# Nurikabe Strategy Tips

Nurikabe is a very playable puzzle, and you need surprisingly few numbers to placed in the grid to allow you to solve a puzzle - as long as you use the right tactics to help you solve the puzzle!

Here are a few strategy tips for nurikabe:

## 1) Fill in squares between separate islands

This is one of the simplest things to do but an important part of the strategy whilst solving a puzzle. It is in accordance with the rules that islands cannot touch.

So, look at this section of a puzzle:

We know that the two '2's must belong to separate islands, and hence that they cannot touch. This means that we can fill in the cell between them as black.

## 2) Filled cells cannot be isolated in nurikabe

Remember that the filled cells must make up a continuous area; therefore none can be isolated.

In the position we have reached with the section of puzzle above, we have filled in the cell between the two '2's.

However, that filled cell must be connected to all the other filled cells in the puzzle. Since the cells to its left, right and below already contain a number, it can only be connected through the cell above. Therefore this cell can be filled in this nurikabe puzzle.

Therefore in this sub-section of a puzzle we can instantly fill in these two cells:

## 3) Fill in cells that no island can reach

If a cell in the puzzle cannot be reached by any island, then you know it must be filled and can fill it in.

If we imagine the section of puzzle above for instance was a discrete puzzle on its own, then we can see that the top right, top middle and top left cells cannot be reached by either of the islands containing two cells. Therefore we can mark these as filled, like this:

## 4) Use potential 2 x 2 filled cells to solve nurikabe

Often with a puzzle it will appear as though an island could be completed by moving in more than one direction. However the way it moves is often determined by applying the rule that no 2 x 2 block of filled cells may exist.
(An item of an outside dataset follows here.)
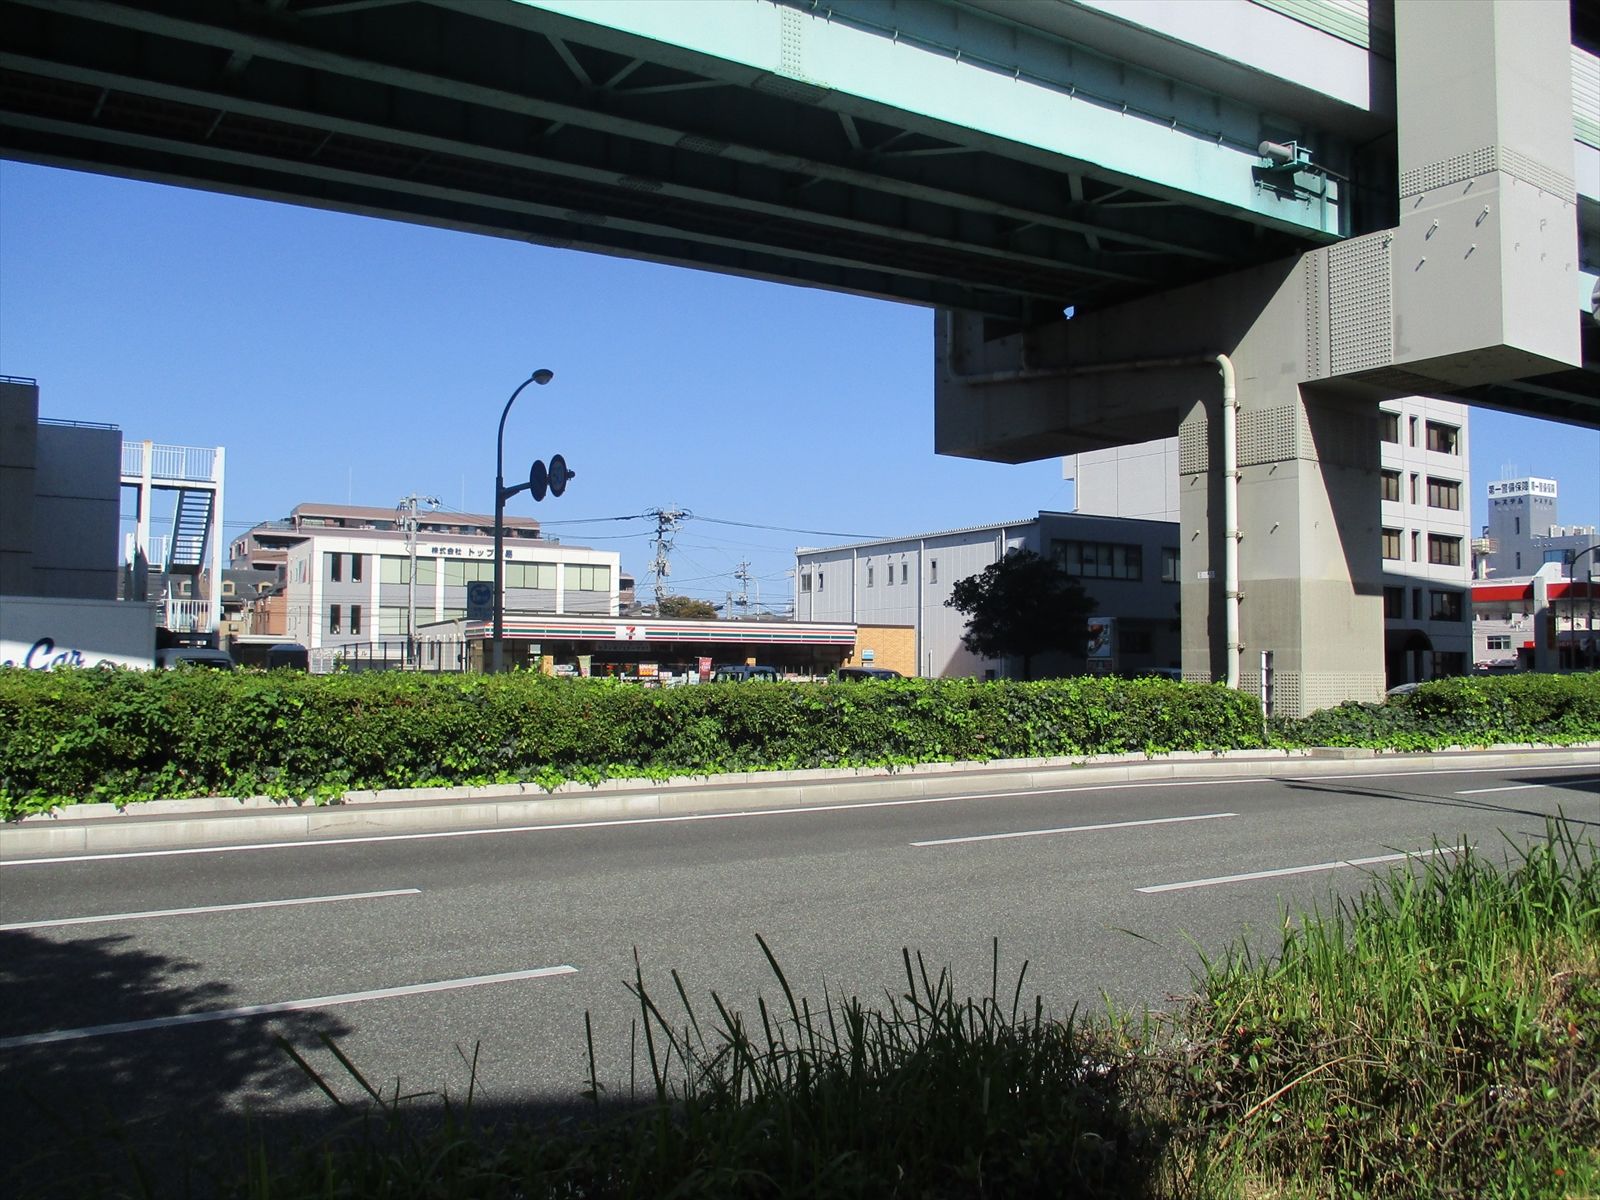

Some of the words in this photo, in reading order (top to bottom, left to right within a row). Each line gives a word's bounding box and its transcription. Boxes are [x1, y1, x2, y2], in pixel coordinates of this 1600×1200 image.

Look again at our sample puzzle, and imagine that the '1' were not there. We now don't know whether the '2' at the left side of the puzzle moves up or down to complete this island.

However, if it were to move downwards, there would be a 2 x 2 of filled cells appear as the cell above the 2 would be filled.

Since this isn't allowed, we know that the cell above the 2 must complete that island.

Therefore we can finish this section of the puzzle.